Shinji Ikari, come tutti gli esseri umani, è stato assorbito dall’anima collettiva, si è evoluto. L’altro lo ha assorbito, l’altro non c’è più, o meglio l’altro coincide perfettamente con il sé, l’AT-Field è stato invertito e i confini dell’individualità sono stati aboliti.
Shinji si trova su un palcoscenico – “lo Shinji Ikari che è nell’animo di Misato Katsuragi, lo Shinji Ikari dentro Asuka Soryu, lo Shinji Ikari dentro Rei Ayanami, lo Shinji Ikari dentro Gendo Ikari. Ognuno di essi è un diverso Shinji Ikari, ma sono tutti il vero Shinji Ikari.” – La sfida sembra vinta, il progetto per il perfezionamento dell’uomo ha fatto in modo che il pilota dell’EVA non abbia più paura degli Shinji Ikari contenuti nelle altre persone. Non ci sono barriere, non c’è AT-Field, tra sé e gli altri. Cosa sono gli altri allora? Sono me? E io cosa sono? Un oggetto per quale soggetto? Se non c’è il soggetto, l’oggetto che fine fa? Come conosco il mondo?
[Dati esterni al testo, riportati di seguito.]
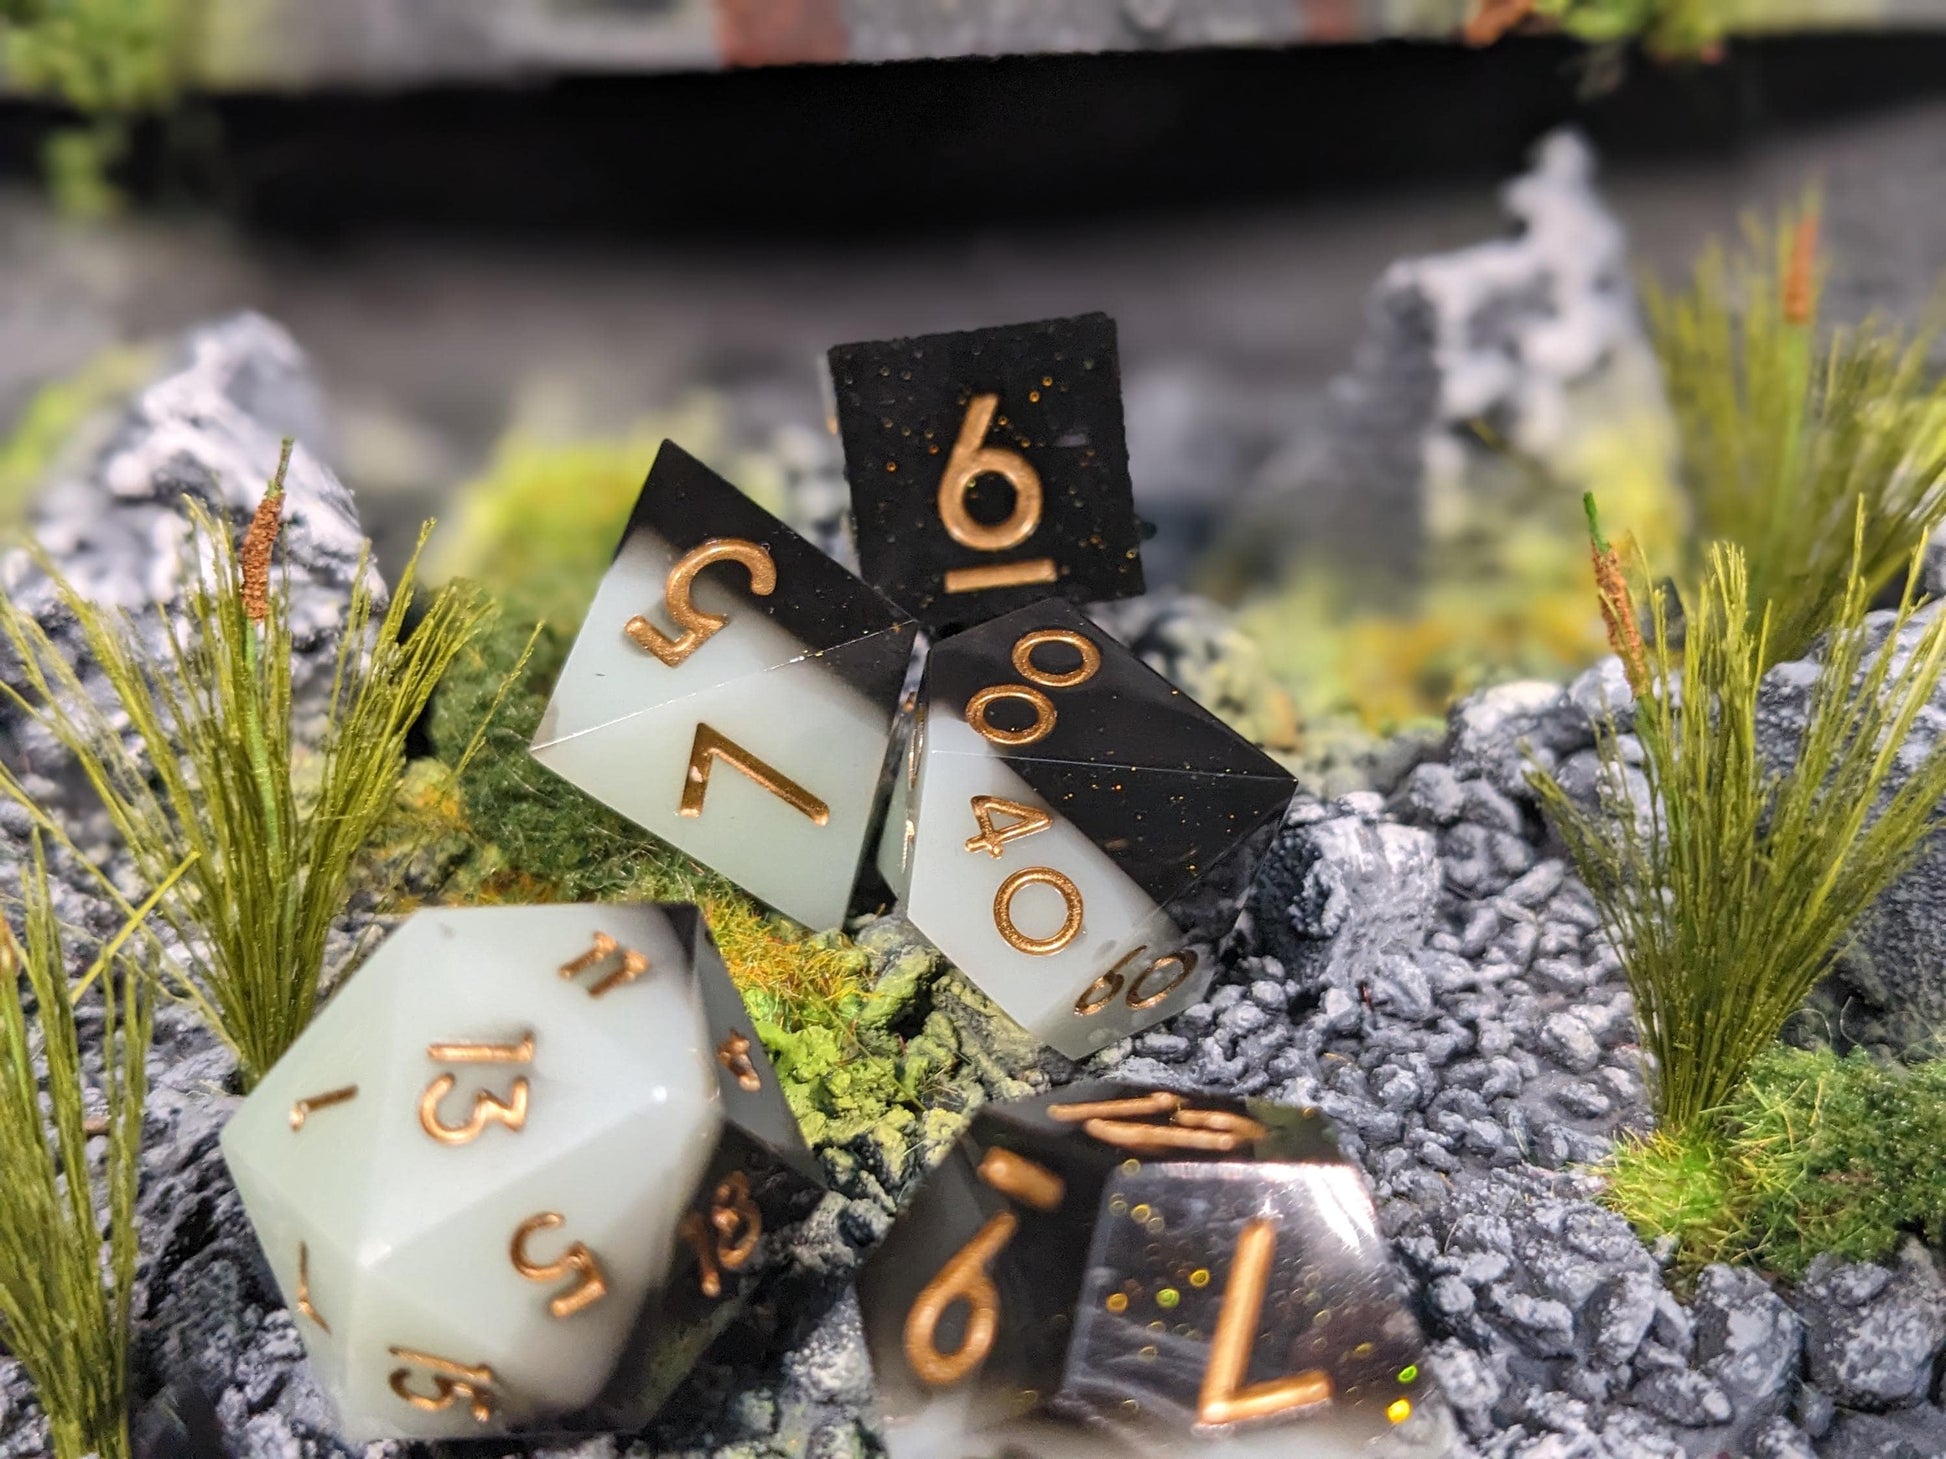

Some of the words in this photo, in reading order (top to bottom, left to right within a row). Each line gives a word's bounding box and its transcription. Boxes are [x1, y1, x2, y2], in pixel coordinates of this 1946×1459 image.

[937, 394, 1044, 551] 6
[624, 537, 778, 668] 5
[965, 629, 1101, 745] 00
[678, 722, 830, 827] 7
[964, 795, 1086, 957] 40
[1074, 947, 1198, 1018] 60
[420, 1030, 536, 1145] 13
[511, 1211, 606, 1318] 5
Shinji: Che cosa sono io? Questo sono io… Una forma che mi mostra agli altri. Un simbolo di me stesso. Anche questo (un disegno ben delineato N.d.A.) e questo (uno scarabocchio con i tratti di Shinji N.d.A.) e questo (un ideogramma N.d.A.). Sono tutte mie rappresentazioni. Sono tutte immagini che danno agli altri coscienza di me. Ma allora cosa sono io? Questo sono io? Il mio vero io. Il mio falso io.
Rei: Tu sei tu. In questo però, possiedi un tuo proprio confine e una tua propria dimensione. (26 – La bestia che gridò AMore nel cuore del mondo)
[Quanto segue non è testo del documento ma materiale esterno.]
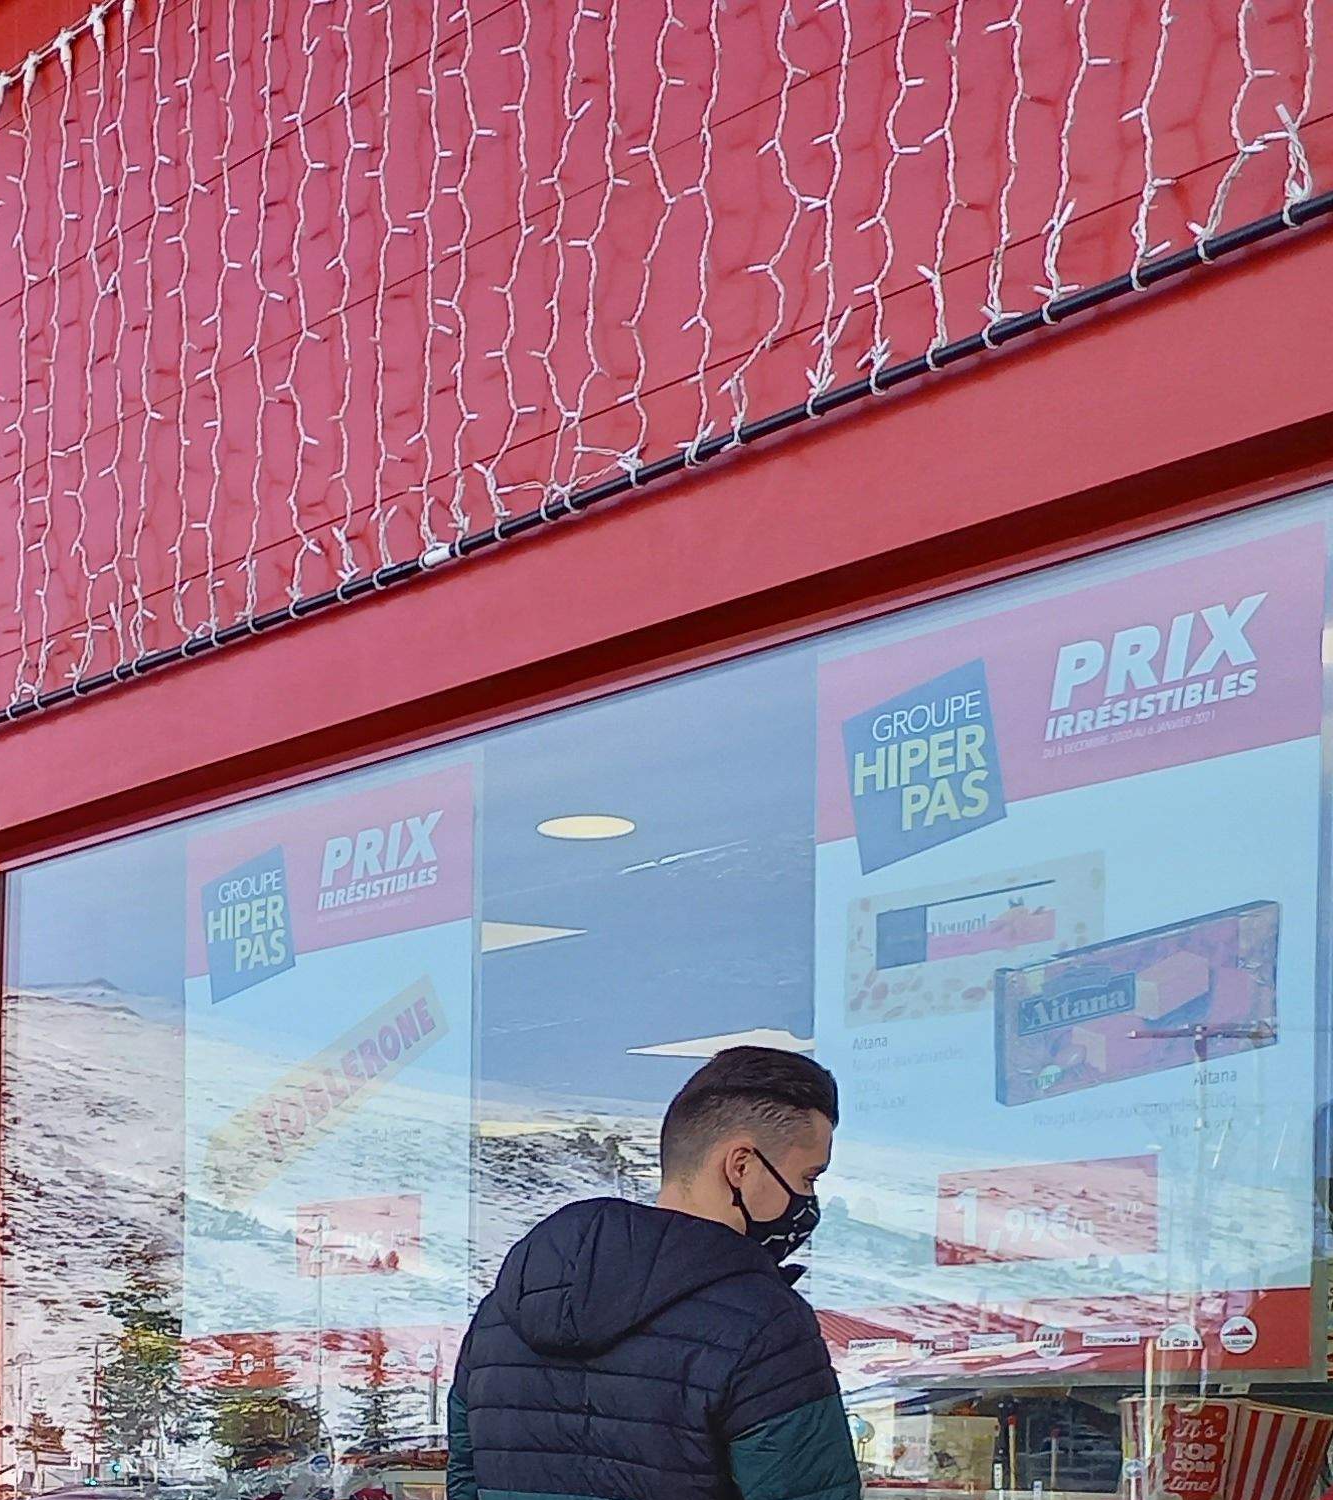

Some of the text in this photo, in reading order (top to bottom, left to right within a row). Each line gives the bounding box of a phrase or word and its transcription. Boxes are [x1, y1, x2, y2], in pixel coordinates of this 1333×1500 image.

Il darsi di un oggetto per un soggetto. Il “darsi” avviene attraverso il principio di individuazione, spazio – tempo – causalità, attraverso la rappresentazione quindi. Diventando un’unica cosa, il genere umano si è affermato fuggendo da se stesso, dalla sua stessa natura, da ciò che lo rende umano: la singolarità. La fine di Evangelion sembrerebbe raccontare che la fuga (che sia quella di Shinji o del genere umano) sia inevitabile – o si fugge verso l’annientamento o si fugge verso l’evoluzione, siamo obbligati ad affermare noi stessi scappando (non riuscendo a vivere con noi stessi.) Non si può evitare di farlo, perché la paura è così grande che non si può farne a meno se si vuole compiere anche la più piccola delle azioni. E la fuga è l’azione più istintiva e razionale allo stesso tempo, davanti al terrore (lo stesso terrore da cui protegge l’AT-Field). È proprio Shinji a rivelare a se stesso di aver scelto la fuga. La volontà lo ha spinto all’azione.

Shinji: Io ho paura di essere odiato dagli altri.
Shinji: Tu hai paura di venire ferito e di soffrire.
Shinji: Di chi è la colpa?
Shinji: La colpa è di mio padre. Mio padre, che mi ha abbandonato.
Shinji: La colpa è mia.
(un flashback ricorda l’occasione in cui Gendo ha lodato Shinji per una missione riuscita.)
Shinji: da allora hai continuato a vivere rimuginando su quella gioia?
Shinji: Seguitando a credere in quelle parole, potrò continuare a vivere.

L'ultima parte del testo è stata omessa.